Free-text object descriptions
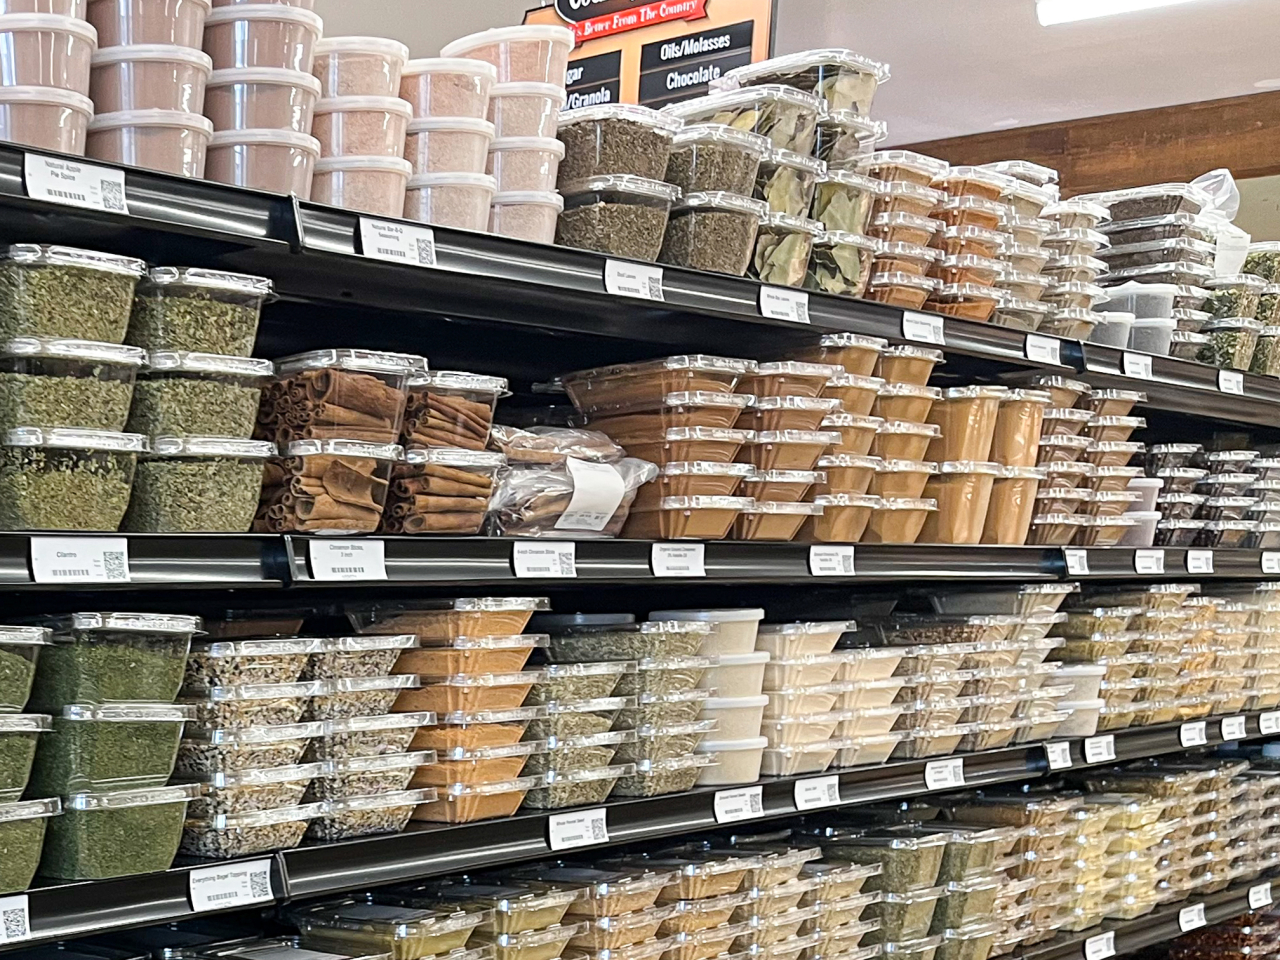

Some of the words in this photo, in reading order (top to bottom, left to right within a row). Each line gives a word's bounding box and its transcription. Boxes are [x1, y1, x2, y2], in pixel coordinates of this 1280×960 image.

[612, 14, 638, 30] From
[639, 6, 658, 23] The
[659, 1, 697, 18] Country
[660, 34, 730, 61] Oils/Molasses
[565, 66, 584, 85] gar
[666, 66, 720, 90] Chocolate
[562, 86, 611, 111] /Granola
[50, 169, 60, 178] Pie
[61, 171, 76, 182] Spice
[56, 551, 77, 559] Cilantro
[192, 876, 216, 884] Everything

WHAT YOU HAVE TO DO
Your answer must restate the entries word for word and contain no pictures.

ANSWER BELOW
Some of the words in this photo, in reading order (top to bottom, left to right within a row). Each line gives a word's bounding box and its transcription. Boxes are [x1, y1, x2, y2], in pixel coordinates of this 1280×960 image.

[612, 14, 638, 30] From
[639, 6, 658, 23] The
[659, 1, 697, 18] Country
[660, 34, 730, 61] Oils/Molasses
[565, 66, 584, 85] gar
[666, 66, 720, 90] Chocolate
[562, 86, 611, 111] /Granola
[50, 169, 60, 178] Pie
[61, 171, 76, 182] Spice
[56, 551, 77, 559] Cilantro
[192, 876, 216, 884] Everything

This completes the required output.